File: 1_DataCleaning.Rmd
Description: Code to format covariate data from various sources into a standardized version to make one .csv file for GAM analysis. For data sources with restricted publishing, the code was commented out but links to the original data source were provided. The commented code is meant to show how flat files for analysis were created.
File: 2_CMIP6Cleaning.Rmd
Description: Code to format CMIP6 projection data into a shape that can be plugged into R0(T) calculations. For data sources with restricted publishing, the code was commented out but links to the original data source were provided. The commented code is meant to show how flat files for analysis were created.
File: 3_R0(T)Calculations.Rmd
Description: Code to run R0(T) calculations with CMIP6 data for three time periods (current/historic, mid-century, late-century) under two emission scenarios (SSP2-4.5 and SSP5-8.5).
File: 4_GAMAnalysis.Rmd
Description: Code to run and assess GAM performance and results.
File: 6_Figures.Rmd
Description: Code to make figures and tables used in main text and supplement. For data sources with restricted publishing, the code was commented out but links to the original data source were provided. The commented code is meant to show how figures were made.

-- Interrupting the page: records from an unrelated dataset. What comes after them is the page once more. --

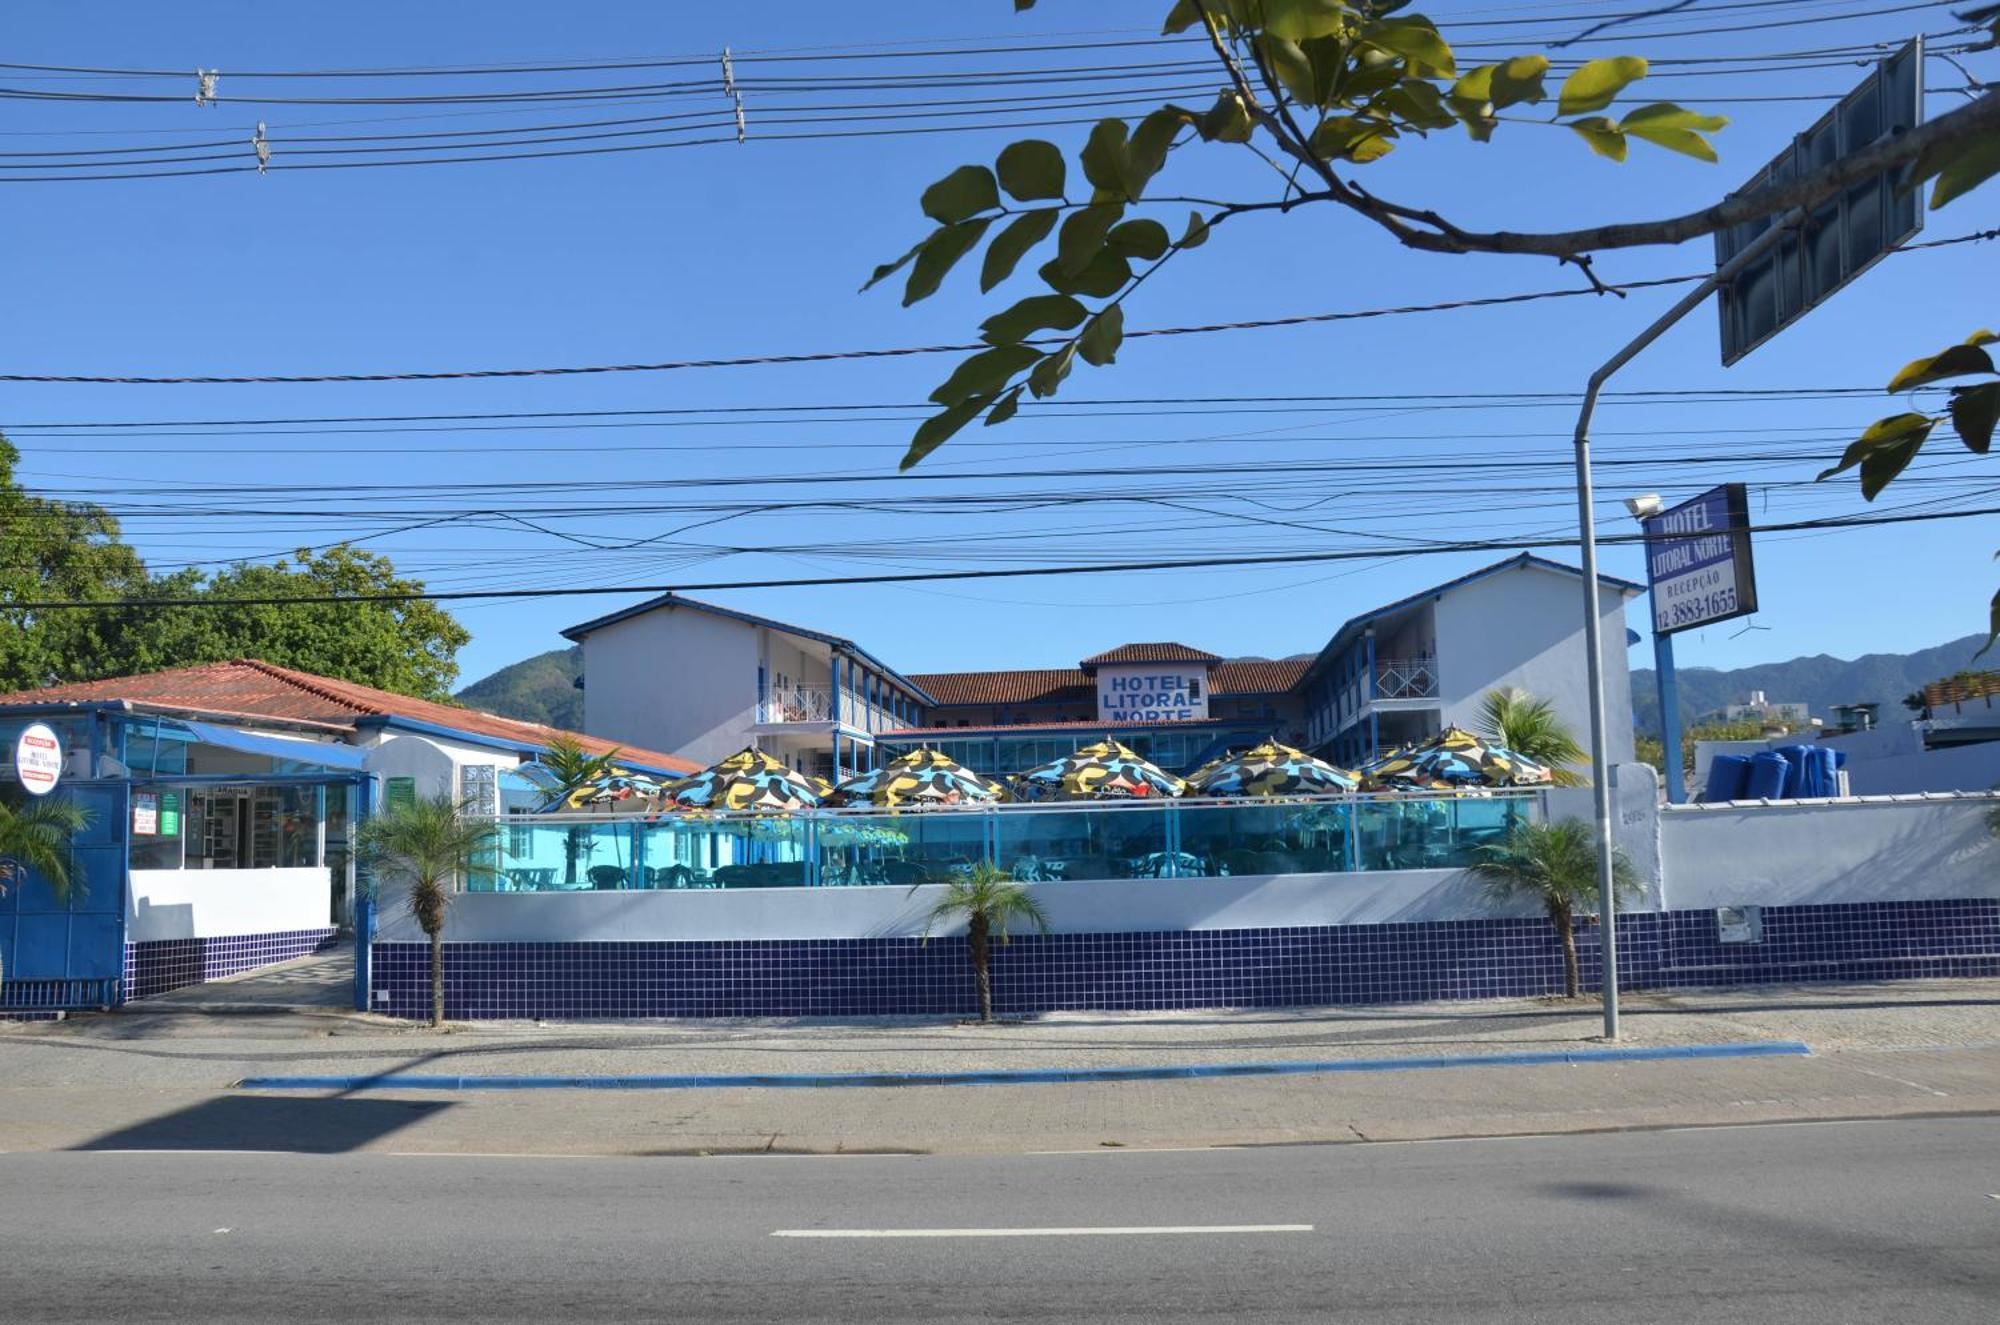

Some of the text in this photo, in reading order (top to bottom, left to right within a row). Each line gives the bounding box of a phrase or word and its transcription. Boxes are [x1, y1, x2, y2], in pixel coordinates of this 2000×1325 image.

[1662, 502, 1713, 544] HOTEL
[1651, 533, 1732, 578] LITORAL NORTE
[1667, 569, 1720, 599] RECEPÇÃO
[1112, 675, 1190, 691] HOTEL
[1103, 693, 1202, 708] LITORAL
[1112, 709, 1192, 721] NORTE

File: 5_EnvironmentalRiskMaps_v2.Rmd
Description: Code to create scaled environmental risk value for current time period and calculate the change of risk from current to mid-century time period. Maps for three Culex species are produced. For data sources with restricted publishing, the code was commented out but links to the original data source were provided. Users will need to download .nc spatial files from Gorris et al. 2021 (https://github.com/lanl/culexmaxentmodels) to make current environmental risk maps. Users will need to download spatial files from USGS FORE-SCE (https://www.sciencebase.gov/catalog/item/5b96c2f9e4b0702d0e826f6d) to make projected environmental risk maps.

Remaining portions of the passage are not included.